Monday, Feb. 18, 1929

Walsh's Bower

"The most marvelous combination of mountains and barren peaks, of glaciers, of rushing rivers, of wonderful cataracts ... the most lovely forests ... a beautiful group of cedar trees . . . wild flowers in the utmost profusion and startling beauty."

In a setting thus described by him to the Senate, grim-visaged Senator Thomas J. Walsh has a bower, a summer-home on the northeastern end of Lake McDonald in Glacier National Park, Montana. He owns two-thirds of an acre with a 150-foot lake frontage, purchased from the holder of the original land patent before the park was created in 1910. Last week the grey Walsh mustache bristled more ferociously than ever as he did legislative battle in defense of his summer hearthstone and of a governmental principle.

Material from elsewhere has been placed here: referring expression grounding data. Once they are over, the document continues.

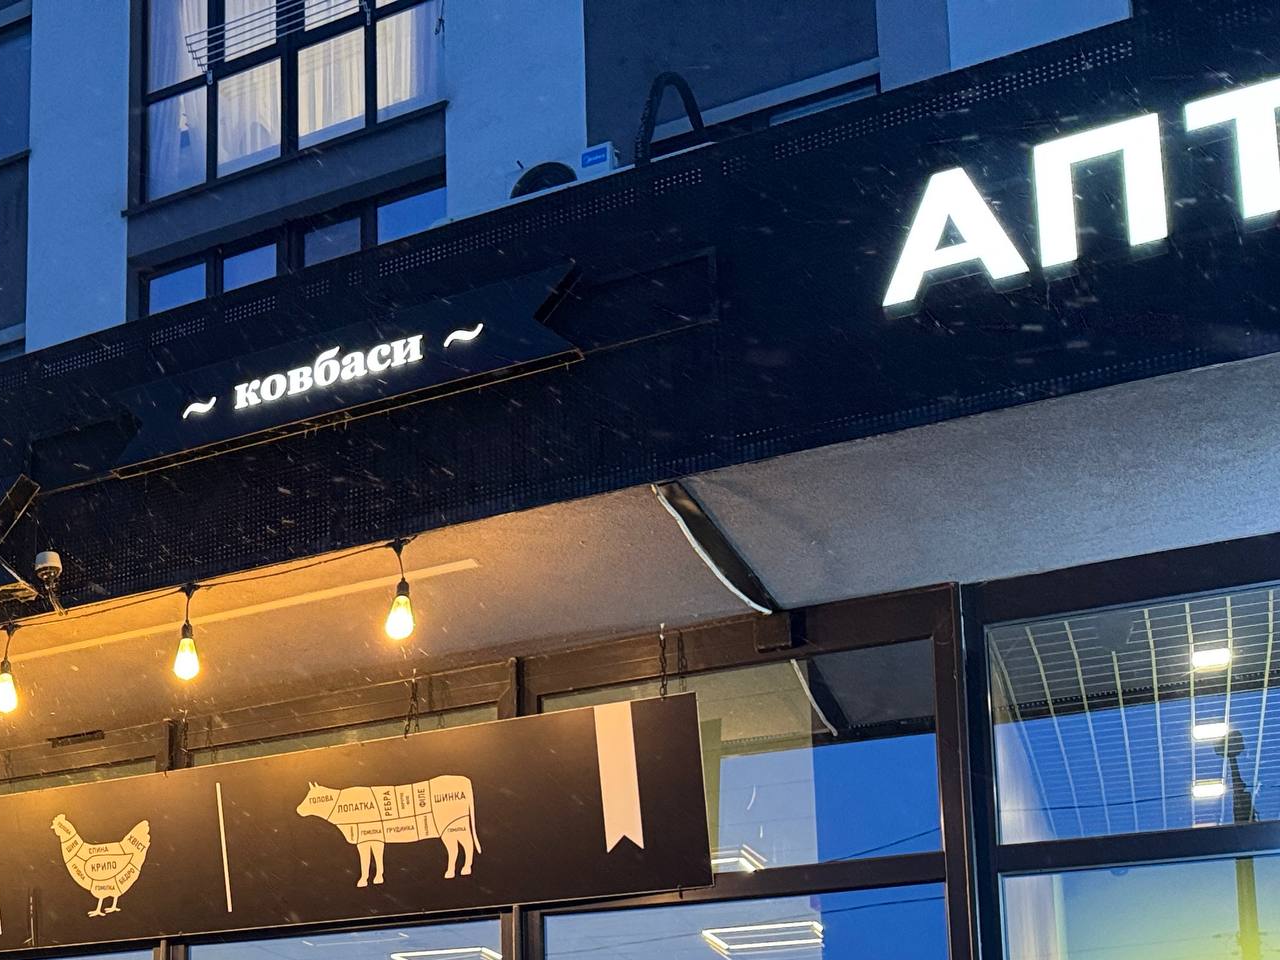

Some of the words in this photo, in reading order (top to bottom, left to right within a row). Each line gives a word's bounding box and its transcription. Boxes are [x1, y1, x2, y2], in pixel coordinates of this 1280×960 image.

[882, 77, 1280, 308] АПТ
[233, 334, 424, 409] ковбаси
[337, 801, 376, 814] ЛОПАТКА
[384, 790, 392, 817] РЕБРА
[433, 791, 466, 804] ШИНКА
[88, 845, 109, 855] СПИНА

The House, passing the Interior Department's appropriation bill, had tagged it with an amendment giving the Secretary of the Interior $250,000 to acquire by condemnation private lands in national parks, and authorizing him to incur additional obligations up to $2,750,000 to match public donations for park improvements. Behind this proposal were two purposes: 1) To save Yosemite National Park from logging on 11,000 acres of private land within its confines; 2) To banish forever unsightly "hot dog" stands from Federal expanses of nature's bosom.

The U. S. parks contain a total of 92,000 acres of private land, valued at $5,810,261. Senator Walsh and his colleague, Senator Wheeler, persuaded the Senate to amend the appropriation bill so as to prevent wholesale condemnation of these lands without discrimination between commercial projects and private dwellings. The House resented the change, declined to accept it in conference.